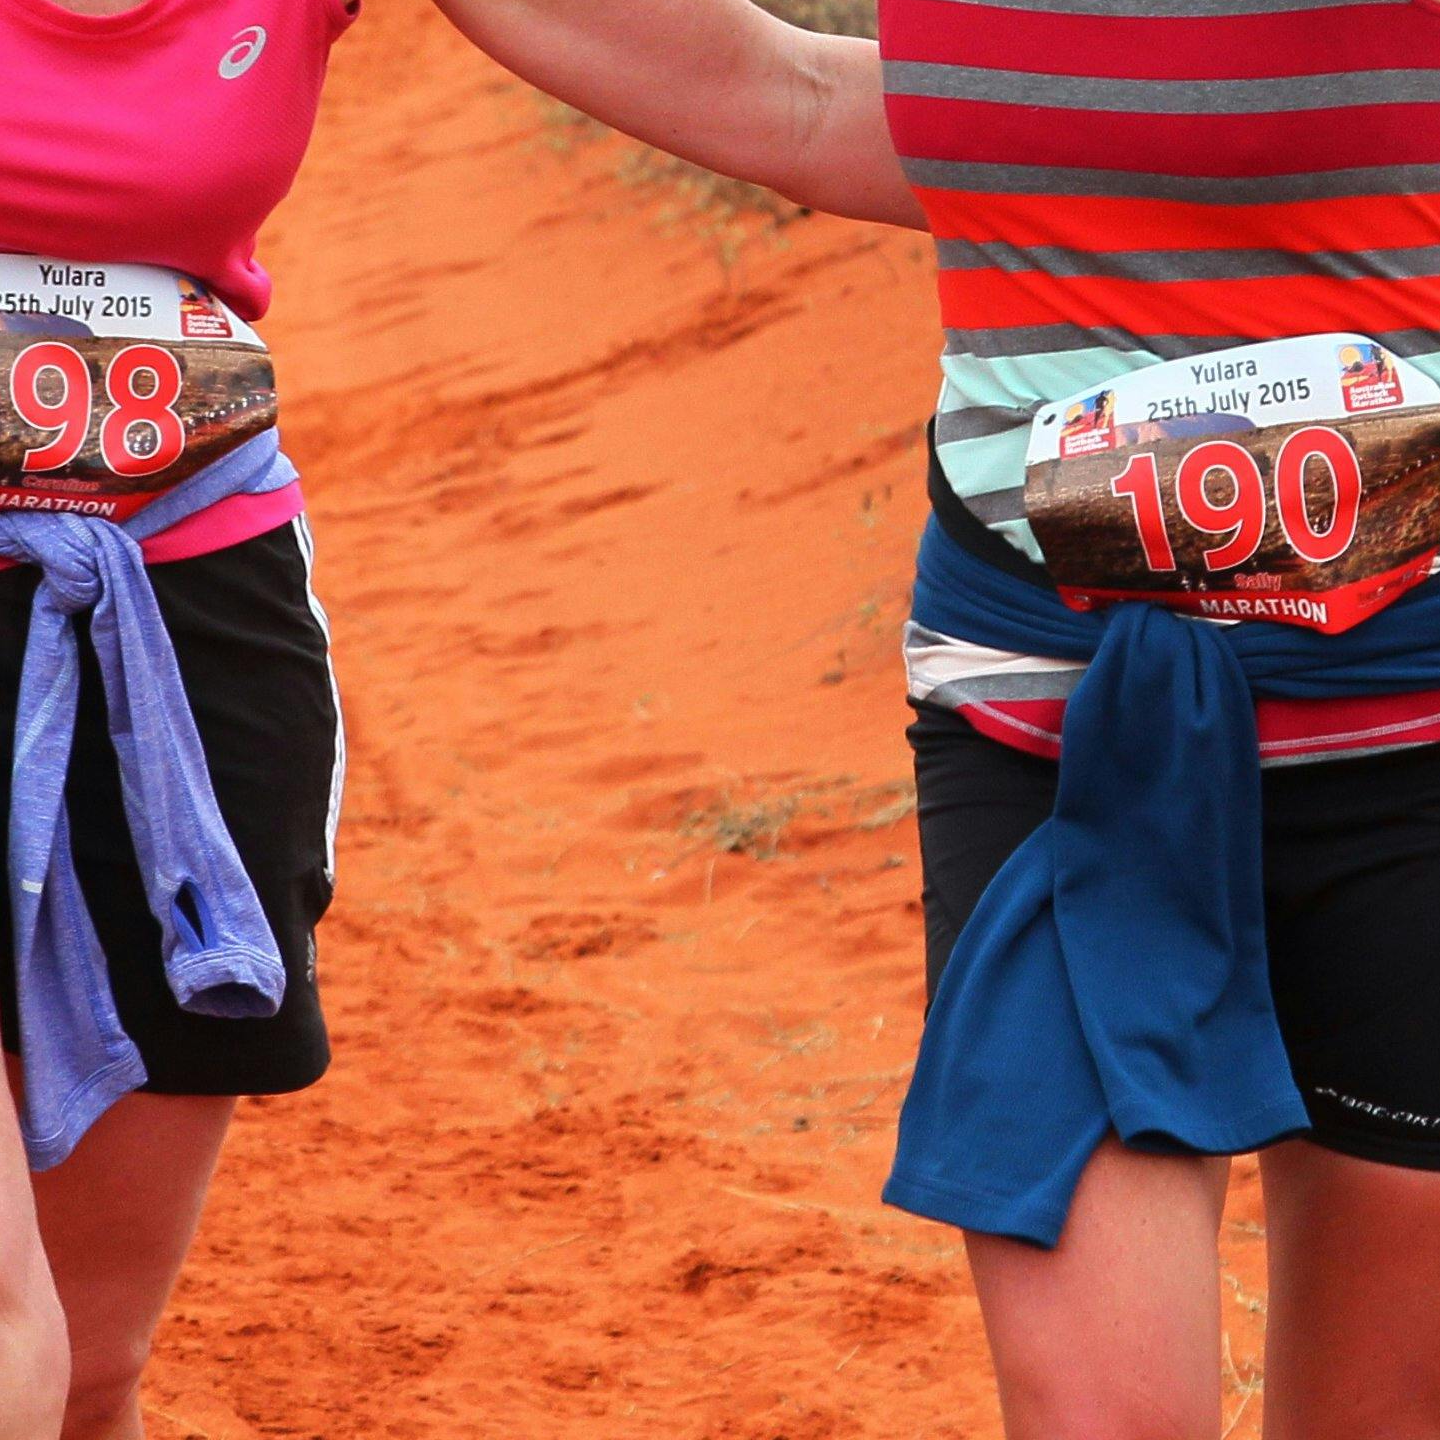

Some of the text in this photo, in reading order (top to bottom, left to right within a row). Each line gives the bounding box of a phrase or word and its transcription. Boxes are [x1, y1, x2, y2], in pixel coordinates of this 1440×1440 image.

[39, 264, 106, 287] Yulara
[48, 294, 94, 321] July
[101, 296, 152, 318] 2015
[1190, 359, 1258, 385] Yulara
[1147, 377, 1311, 422] 25th July 2015
[1110, 425, 1362, 572] 190
[1199, 598, 1328, 625] MARATHON
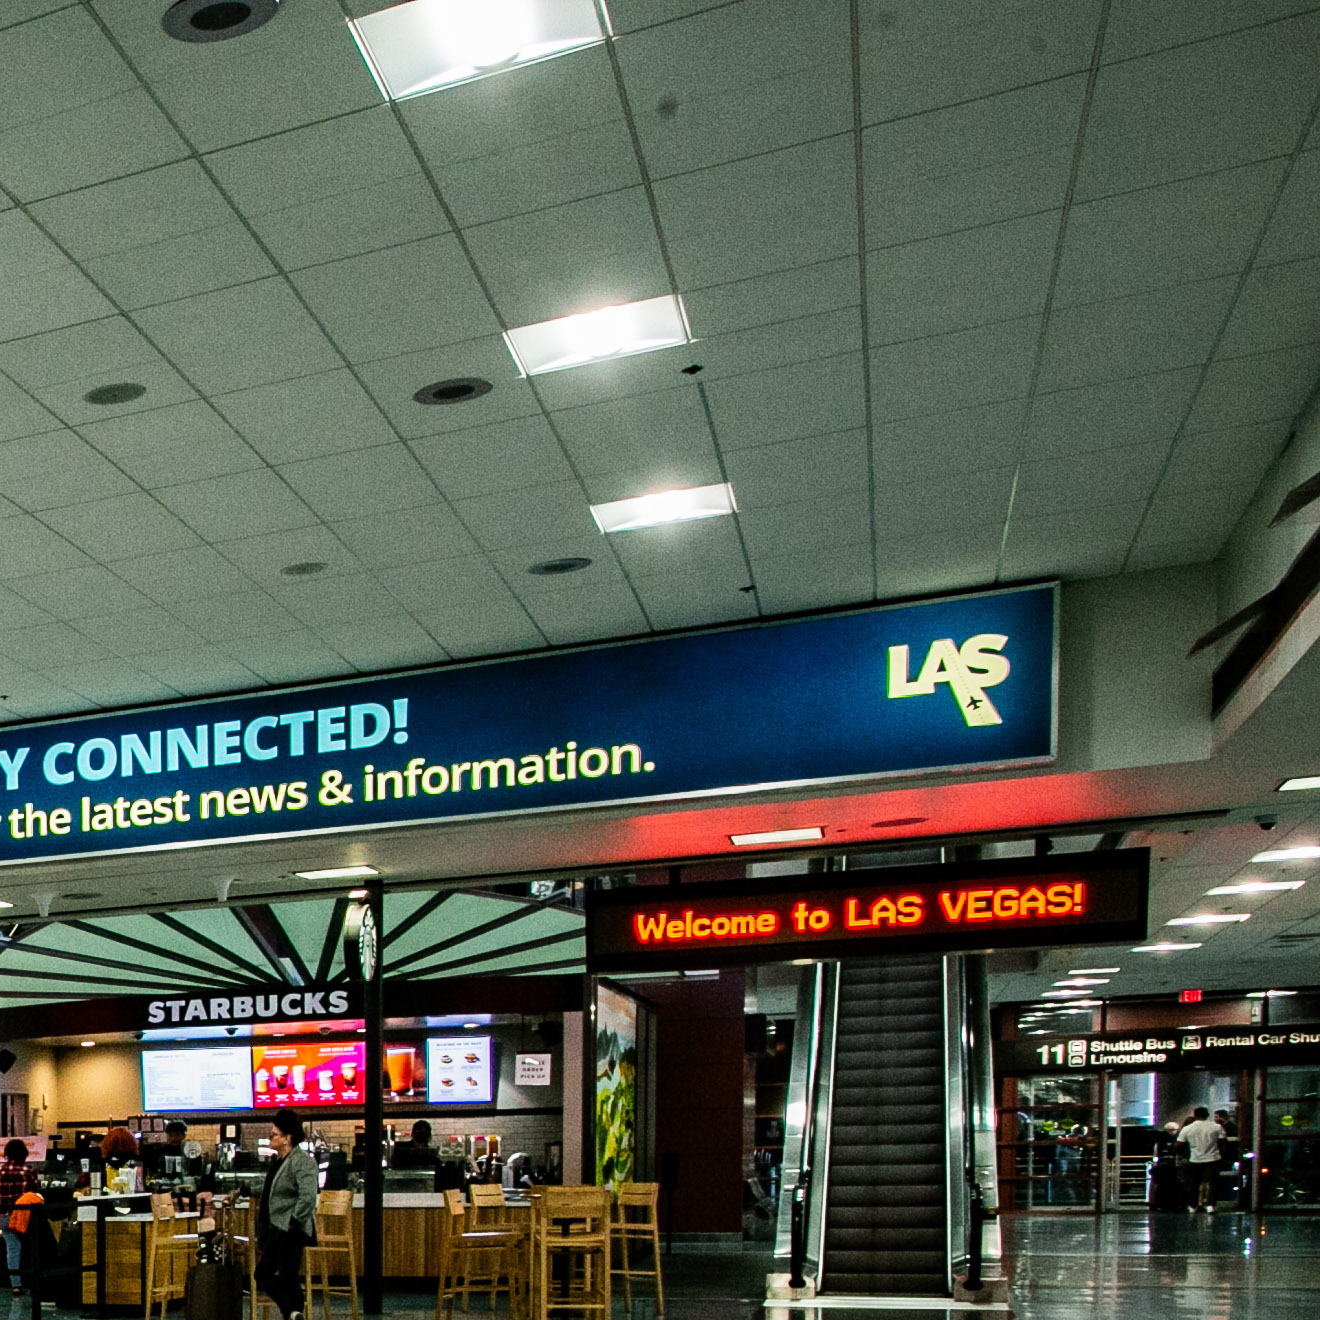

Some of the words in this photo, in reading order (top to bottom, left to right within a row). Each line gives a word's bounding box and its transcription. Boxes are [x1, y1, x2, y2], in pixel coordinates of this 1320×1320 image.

[887, 634, 1010, 727] LAS
[42, 698, 410, 786] CONNECTED!
[9, 803, 71, 839] the
[80, 790, 191, 832] latest
[199, 779, 309, 819] news
[318, 769, 354, 807] &
[363, 741, 656, 803] information.
[636, 911, 776, 942] Welcome
[794, 902, 830, 932] to
[846, 895, 922, 927] LAS
[942, 883, 1085, 921] VEGAS!
[148, 990, 349, 1024] STARBUCKS
[1183, 991, 1201, 1002] EXIT
[1090, 1040, 1143, 1053] Shuttle
[1146, 1038, 1176, 1050] Bus
[1206, 1034, 1254, 1047] Rental
[1257, 1034, 1286, 1045] Car
[1037, 1044, 1065, 1065] 11
[1090, 1052, 1167, 1065] Limousine
+++
- _DESCRIPTION OF THE TASK_: Please copy out the entries above exactly as they appear, but skip their images.

- _ANSWER SPACE_:
Some of the text in this photo, in reading order (top to bottom, left to right within a row). Each line gives the bounding box of a phrase or word and its transcription. Boxes are [x1, y1, x2, y2], in pixel coordinates of this 1440×1440 image.

[39, 264, 106, 287] Yulara
[48, 294, 94, 321] July
[101, 296, 152, 318] 2015
[1190, 359, 1258, 385] Yulara
[1147, 377, 1311, 422] 25th July 2015
[1110, 425, 1362, 572] 190
[1199, 598, 1328, 625] MARATHON

Some of the words in this photo, in reading order (top to bottom, left to right within a row). Each line gives a word's bounding box and its transcription. Boxes are [x1, y1, x2, y2], in pixel coordinates of this 1320×1320 image.

[887, 634, 1010, 727] LAS
[42, 698, 410, 786] CONNECTED!
[9, 803, 71, 839] the
[80, 790, 191, 832] latest
[199, 779, 309, 819] news
[318, 769, 354, 807] &
[363, 741, 656, 803] information.
[636, 911, 776, 942] Welcome
[794, 902, 830, 932] to
[846, 895, 922, 927] LAS
[942, 883, 1085, 921] VEGAS!
[148, 990, 349, 1024] STARBUCKS
[1183, 991, 1201, 1002] EXIT
[1090, 1040, 1143, 1053] Shuttle
[1146, 1038, 1176, 1050] Bus
[1206, 1034, 1254, 1047] Rental
[1257, 1034, 1286, 1045] Car
[1037, 1044, 1065, 1065] 11
[1090, 1052, 1167, 1065] Limousine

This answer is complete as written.